DATA TO PROCESS ->
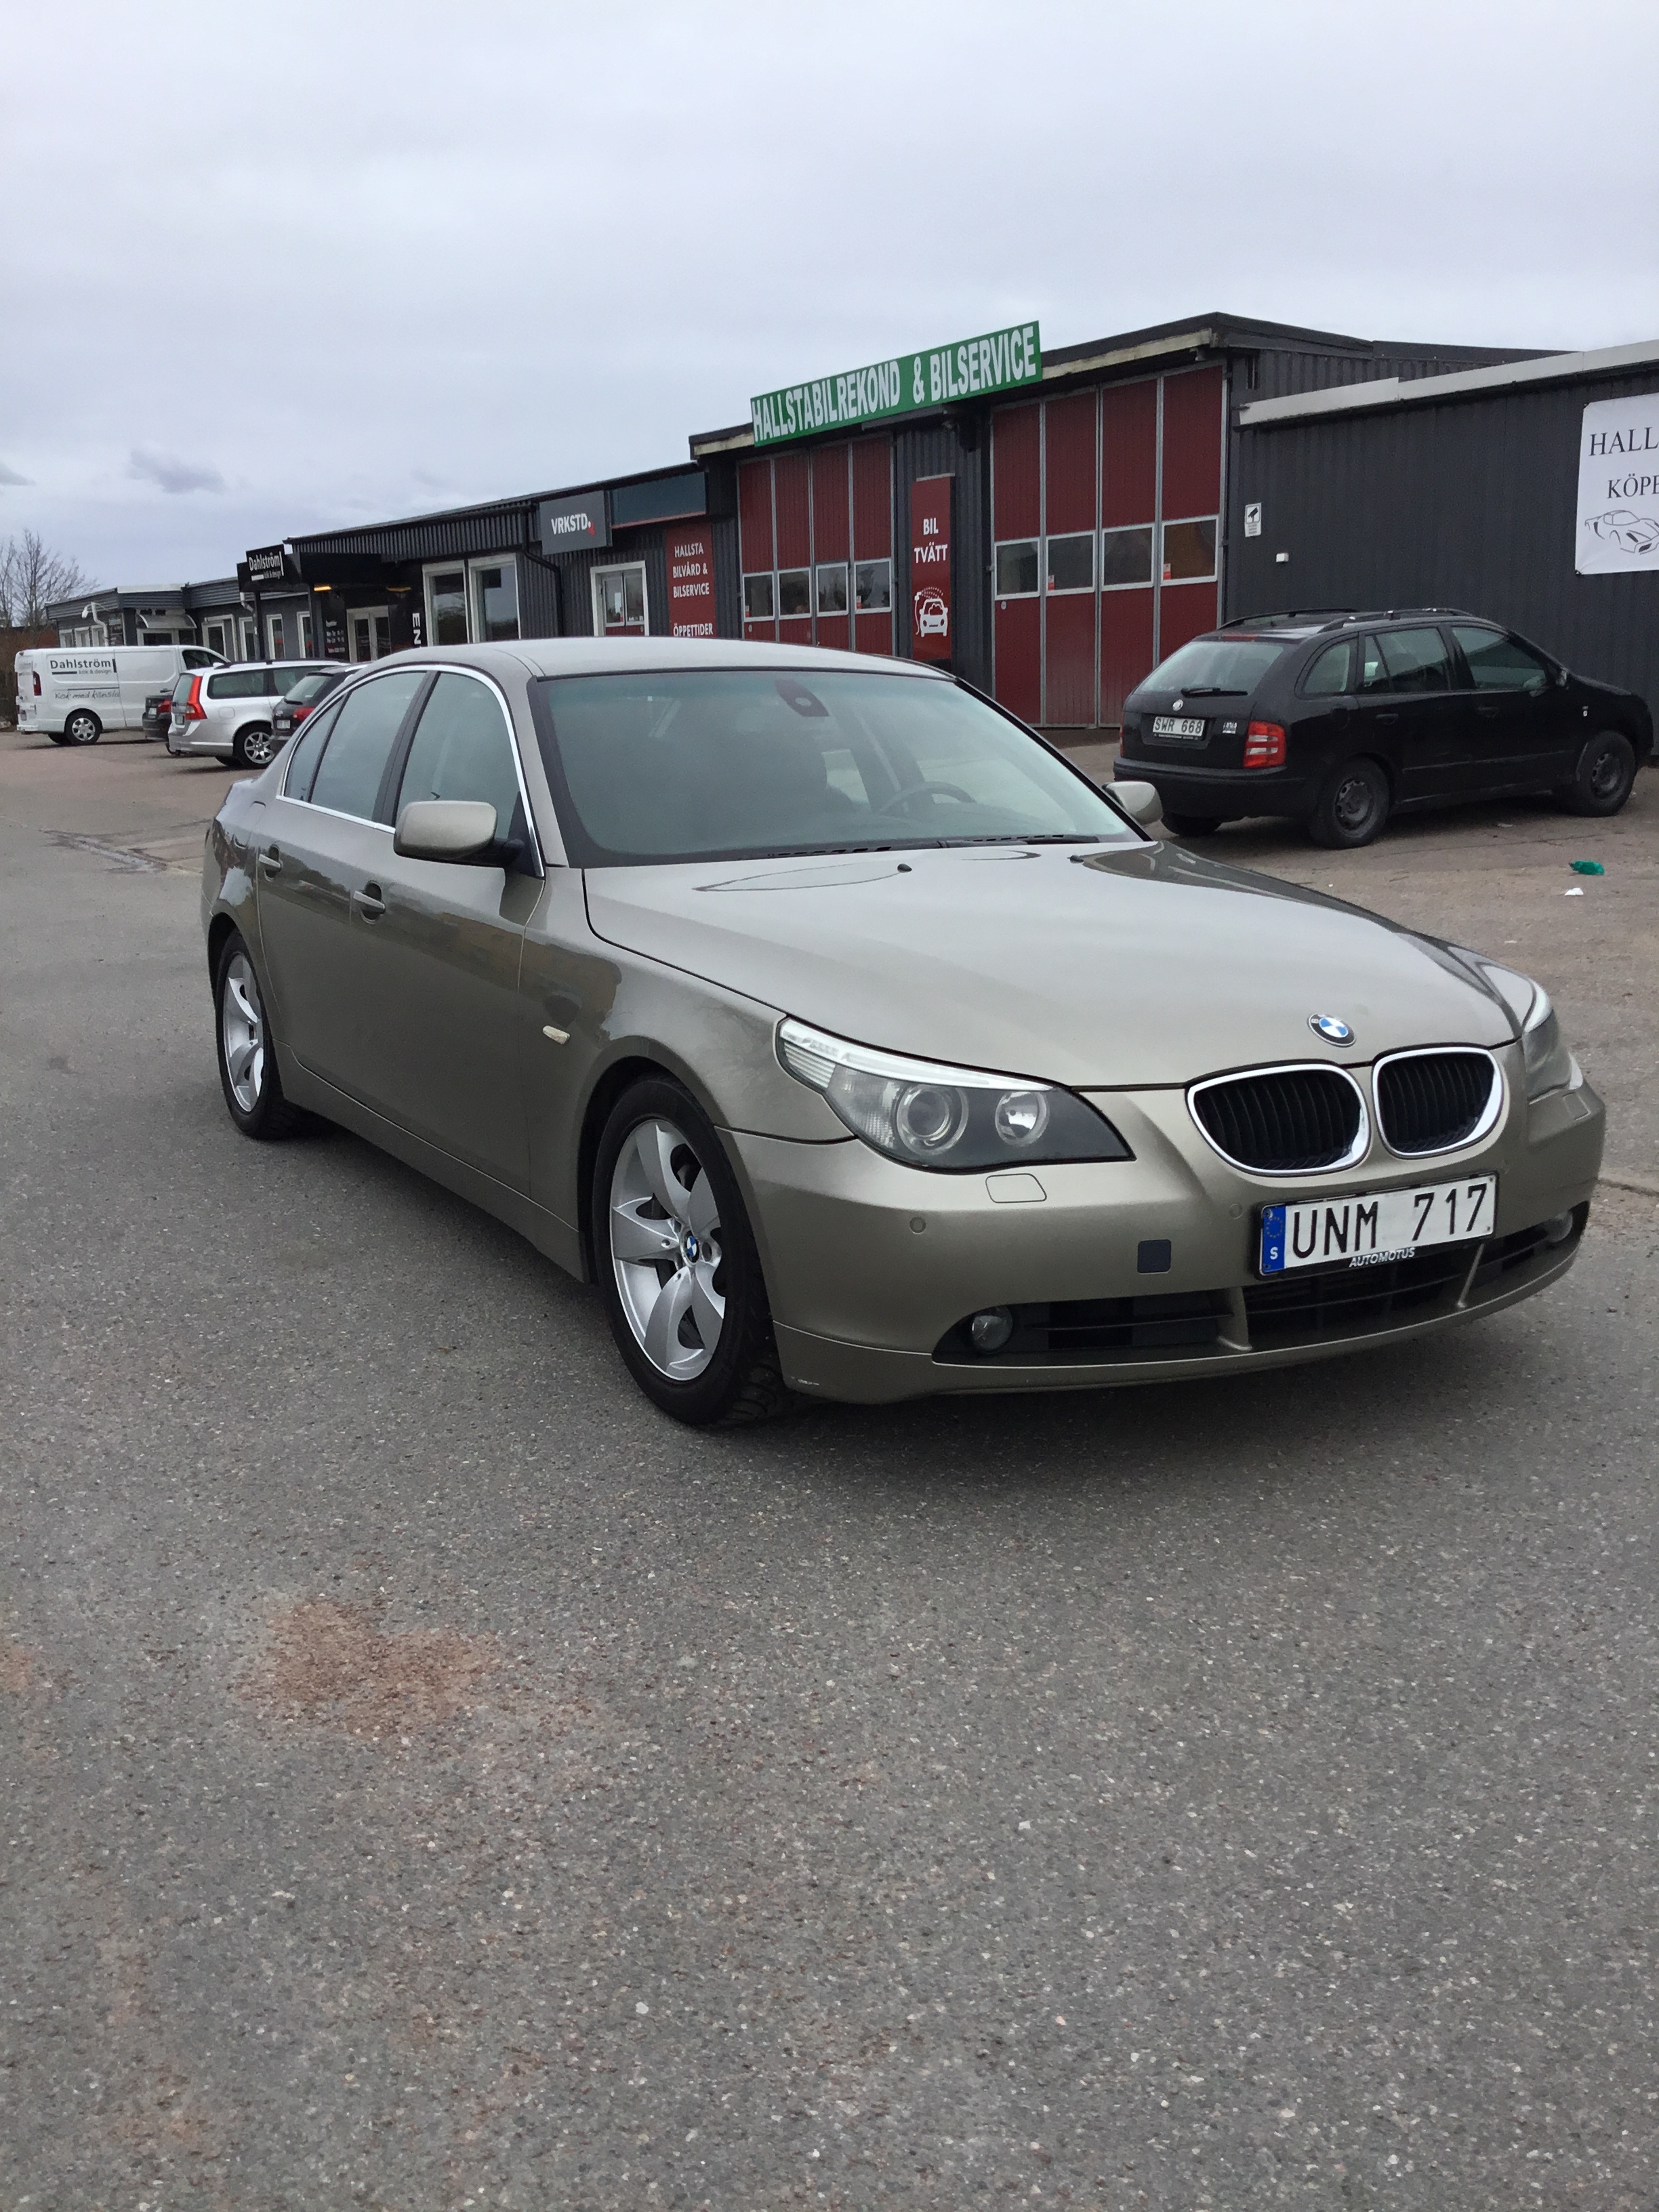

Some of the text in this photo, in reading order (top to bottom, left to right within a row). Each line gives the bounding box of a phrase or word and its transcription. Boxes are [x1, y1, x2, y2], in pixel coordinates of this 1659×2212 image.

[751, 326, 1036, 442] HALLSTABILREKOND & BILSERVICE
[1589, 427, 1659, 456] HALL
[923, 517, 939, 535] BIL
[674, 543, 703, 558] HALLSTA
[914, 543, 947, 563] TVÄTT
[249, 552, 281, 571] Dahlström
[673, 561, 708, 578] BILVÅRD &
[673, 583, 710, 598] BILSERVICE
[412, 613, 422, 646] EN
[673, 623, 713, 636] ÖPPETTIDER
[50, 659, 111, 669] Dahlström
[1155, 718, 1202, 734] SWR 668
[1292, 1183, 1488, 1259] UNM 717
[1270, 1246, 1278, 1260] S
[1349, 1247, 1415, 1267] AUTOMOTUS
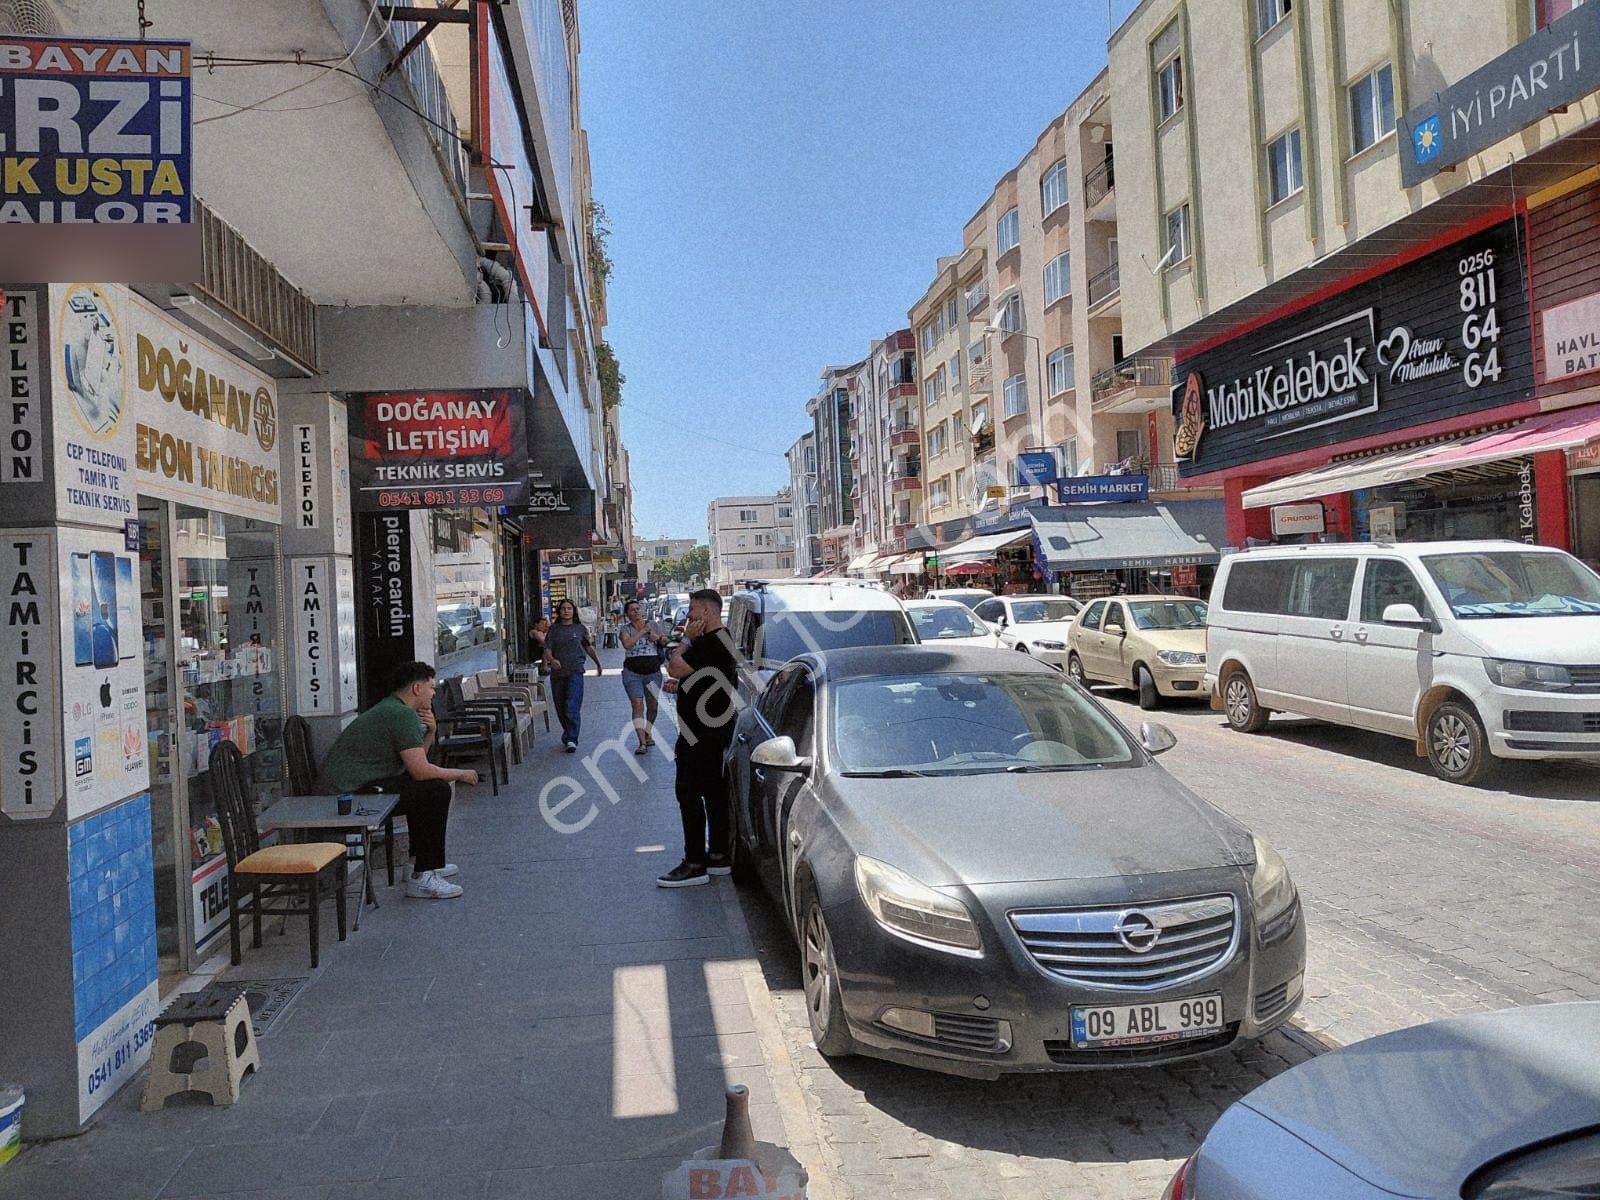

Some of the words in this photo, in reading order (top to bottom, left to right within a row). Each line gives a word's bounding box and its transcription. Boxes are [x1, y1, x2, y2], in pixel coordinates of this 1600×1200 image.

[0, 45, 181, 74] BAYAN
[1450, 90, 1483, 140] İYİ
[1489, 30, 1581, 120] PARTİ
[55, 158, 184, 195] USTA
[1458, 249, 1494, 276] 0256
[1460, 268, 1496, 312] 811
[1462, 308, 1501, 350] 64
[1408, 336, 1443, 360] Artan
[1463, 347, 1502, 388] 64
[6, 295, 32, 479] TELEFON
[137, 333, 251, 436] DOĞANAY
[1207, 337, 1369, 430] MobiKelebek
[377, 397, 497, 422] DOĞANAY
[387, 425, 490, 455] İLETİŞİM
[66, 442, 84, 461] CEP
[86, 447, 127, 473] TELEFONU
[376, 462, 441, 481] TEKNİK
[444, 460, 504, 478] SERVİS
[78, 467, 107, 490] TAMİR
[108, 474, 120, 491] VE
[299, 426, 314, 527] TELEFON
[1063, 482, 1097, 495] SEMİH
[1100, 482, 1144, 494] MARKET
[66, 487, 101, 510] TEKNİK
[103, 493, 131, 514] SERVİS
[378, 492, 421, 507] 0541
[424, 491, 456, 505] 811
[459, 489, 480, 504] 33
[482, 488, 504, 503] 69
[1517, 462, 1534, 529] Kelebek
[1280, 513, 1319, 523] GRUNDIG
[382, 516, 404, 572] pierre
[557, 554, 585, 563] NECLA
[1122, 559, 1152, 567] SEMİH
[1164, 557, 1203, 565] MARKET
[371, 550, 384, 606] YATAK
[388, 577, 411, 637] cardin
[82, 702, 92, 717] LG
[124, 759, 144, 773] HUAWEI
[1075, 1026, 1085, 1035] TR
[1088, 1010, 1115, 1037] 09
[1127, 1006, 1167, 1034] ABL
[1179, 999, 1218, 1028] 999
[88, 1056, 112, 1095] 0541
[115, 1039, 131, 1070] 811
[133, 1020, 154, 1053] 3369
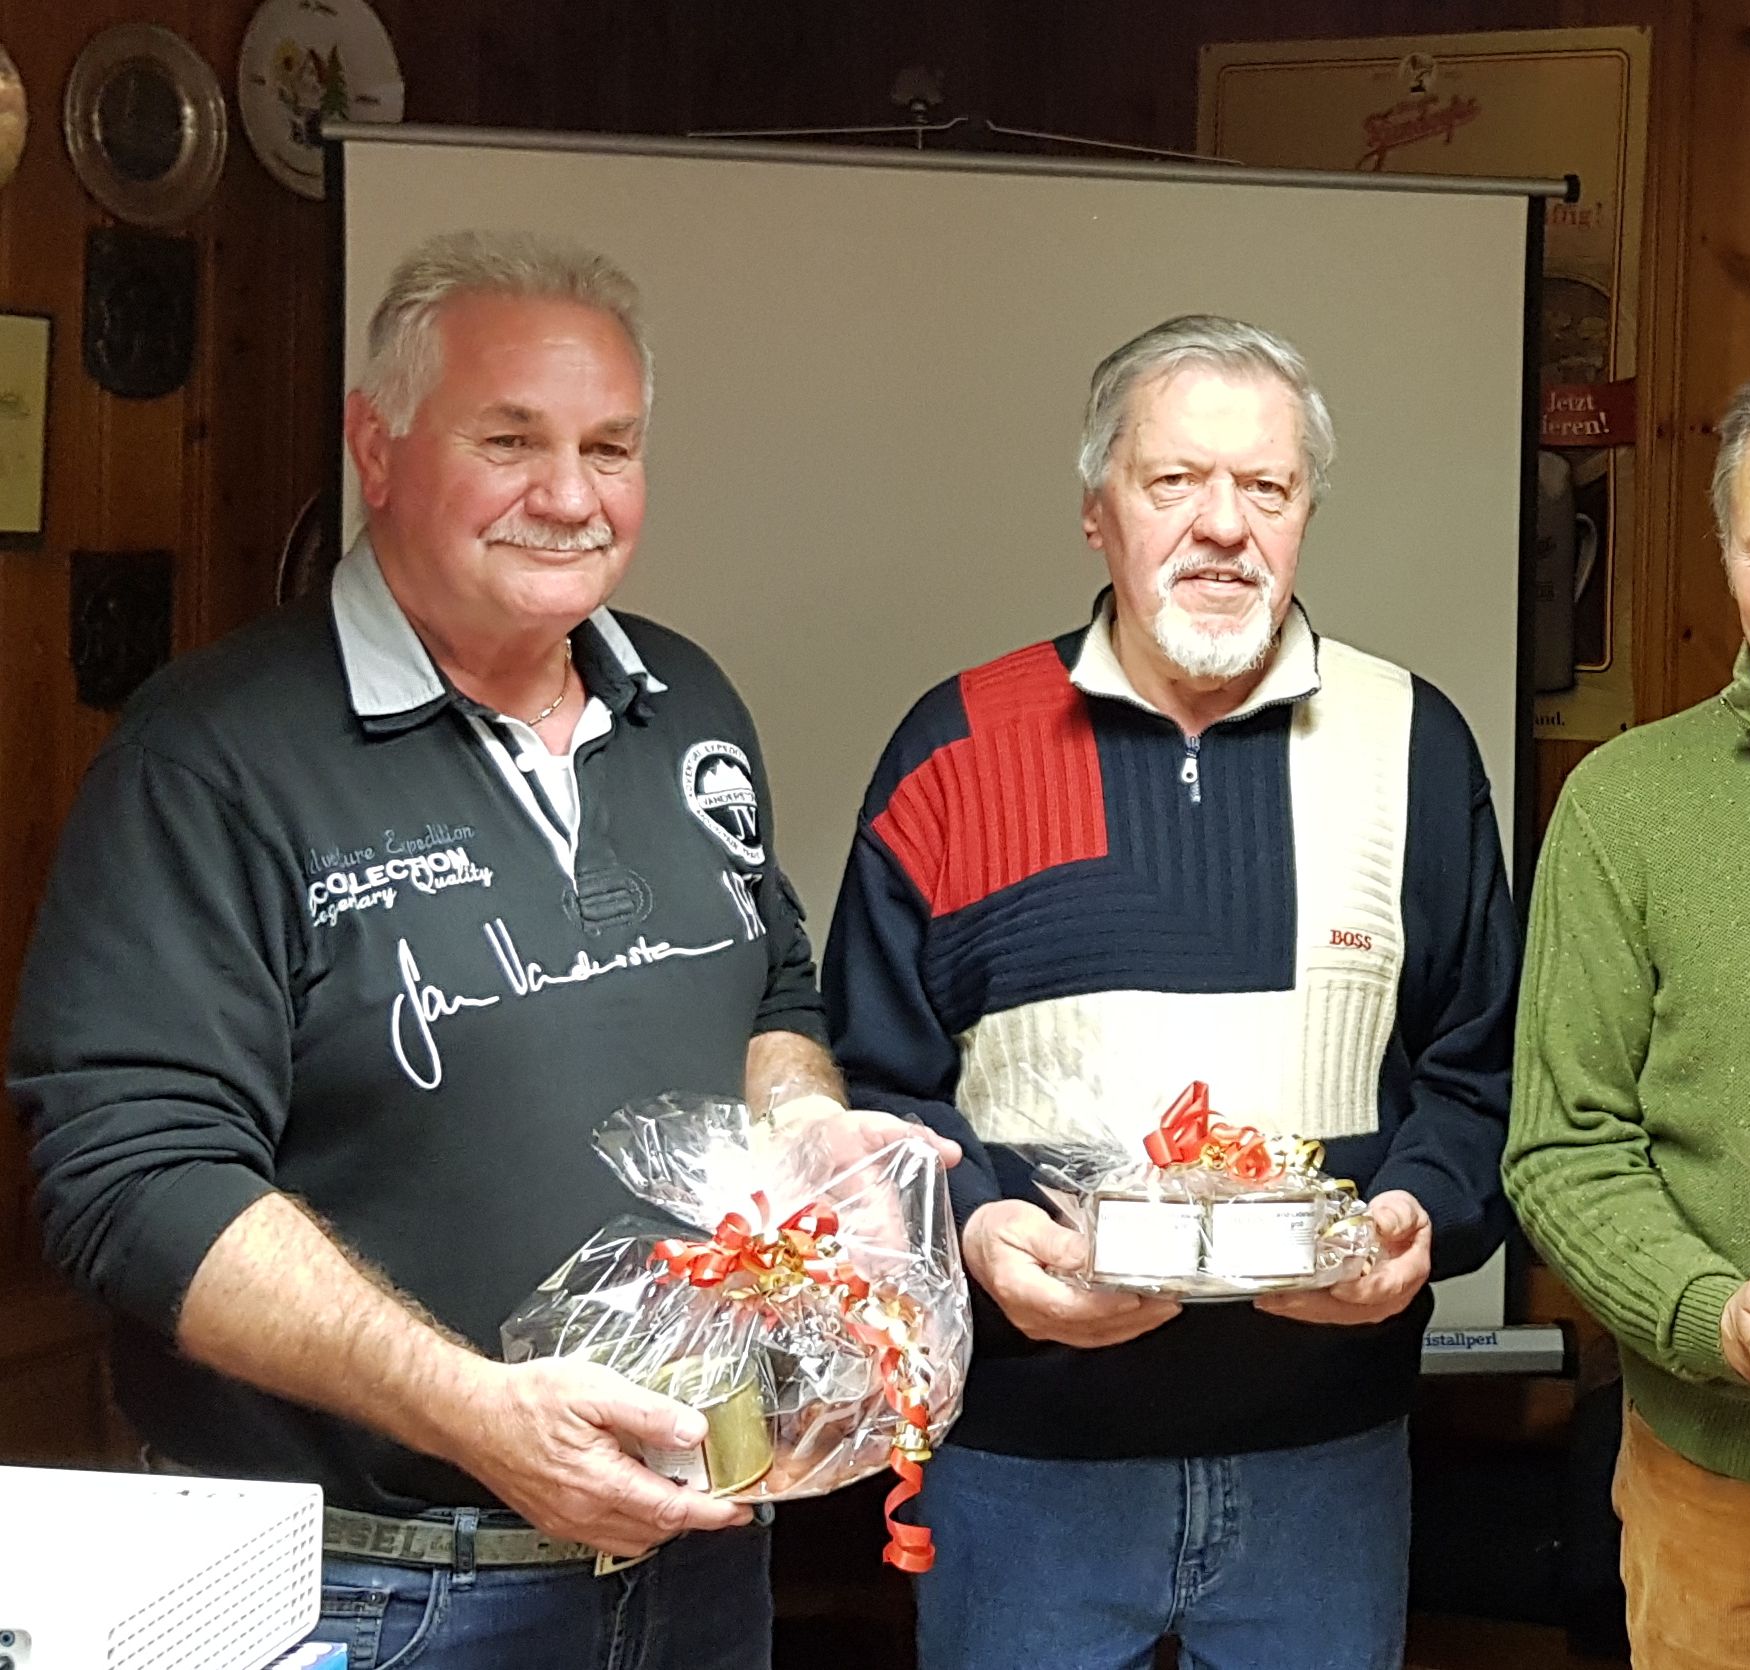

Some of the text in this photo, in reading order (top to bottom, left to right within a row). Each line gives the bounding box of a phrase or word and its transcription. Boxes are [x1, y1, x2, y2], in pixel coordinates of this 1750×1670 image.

DIRECTIONS FOR THIS TASK ->
Each record above should be retyped exactly, with no pictures carried over.

SOLUTION FOR THIS EXERCISE ->
Some of the text in this photo, in reading order (top to bottom, left to right within a row). Each line gives the bounding box of a phrase or word and its transcription. Boxes are [x1, y1, x2, y2], in pixel coordinates of this 1659×2212 image.

[751, 326, 1036, 442] HALLSTABILREKOND & BILSERVICE
[1589, 427, 1659, 456] HALL
[923, 517, 939, 535] BIL
[674, 543, 703, 558] HALLSTA
[914, 543, 947, 563] TVÄTT
[249, 552, 281, 571] Dahlström
[673, 561, 708, 578] BILVÅRD &
[673, 583, 710, 598] BILSERVICE
[412, 613, 422, 646] EN
[673, 623, 713, 636] ÖPPETTIDER
[50, 659, 111, 669] Dahlström
[1155, 718, 1202, 734] SWR 668
[1292, 1183, 1488, 1259] UNM 717
[1270, 1246, 1278, 1260] S
[1349, 1247, 1415, 1267] AUTOMOTUS

Some of the words in this photo, in reading order (top to bottom, left to right within a row). Each line gives a word's bounding box and its transcription. Boxes are [x1, y1, x2, y2], in pixel coordinates of this 1600×1200 image.

[0, 45, 181, 74] BAYAN
[1450, 90, 1483, 140] İYİ
[1489, 30, 1581, 120] PARTİ
[55, 158, 184, 195] USTA
[1458, 249, 1494, 276] 0256
[1460, 268, 1496, 312] 811
[1462, 308, 1501, 350] 64
[1408, 336, 1443, 360] Artan
[1463, 347, 1502, 388] 64
[6, 295, 32, 479] TELEFON
[137, 333, 251, 436] DOĞANAY
[1207, 337, 1369, 430] MobiKelebek
[377, 397, 497, 422] DOĞANAY
[387, 425, 490, 455] İLETİŞİM
[66, 442, 84, 461] CEP
[86, 447, 127, 473] TELEFONU
[376, 462, 441, 481] TEKNİK
[444, 460, 504, 478] SERVİS
[78, 467, 107, 490] TAMİR
[108, 474, 120, 491] VE
[299, 426, 314, 527] TELEFON
[1063, 482, 1097, 495] SEMİH
[1100, 482, 1144, 494] MARKET
[66, 487, 101, 510] TEKNİK
[103, 493, 131, 514] SERVİS
[378, 492, 421, 507] 0541
[424, 491, 456, 505] 811
[459, 489, 480, 504] 33
[482, 488, 504, 503] 69
[1517, 462, 1534, 529] Kelebek
[1280, 513, 1319, 523] GRUNDIG
[382, 516, 404, 572] pierre
[557, 554, 585, 563] NECLA
[1122, 559, 1152, 567] SEMİH
[1164, 557, 1203, 565] MARKET
[371, 550, 384, 606] YATAK
[388, 577, 411, 637] cardin
[82, 702, 92, 717] LG
[124, 759, 144, 773] HUAWEI
[1075, 1026, 1085, 1035] TR
[1088, 1010, 1115, 1037] 09
[1127, 1006, 1167, 1034] ABL
[1179, 999, 1218, 1028] 999
[88, 1056, 112, 1095] 0541
[115, 1039, 131, 1070] 811
[133, 1020, 154, 1053] 3369

Some of the text in this photo, in reading order (top to bottom, left to right within a row). Each line gives the bounding box of a phrase or word and its transcription. Boxes are [x1, y1, x2, y2], in pixel coordinates of this 1750×1670 image.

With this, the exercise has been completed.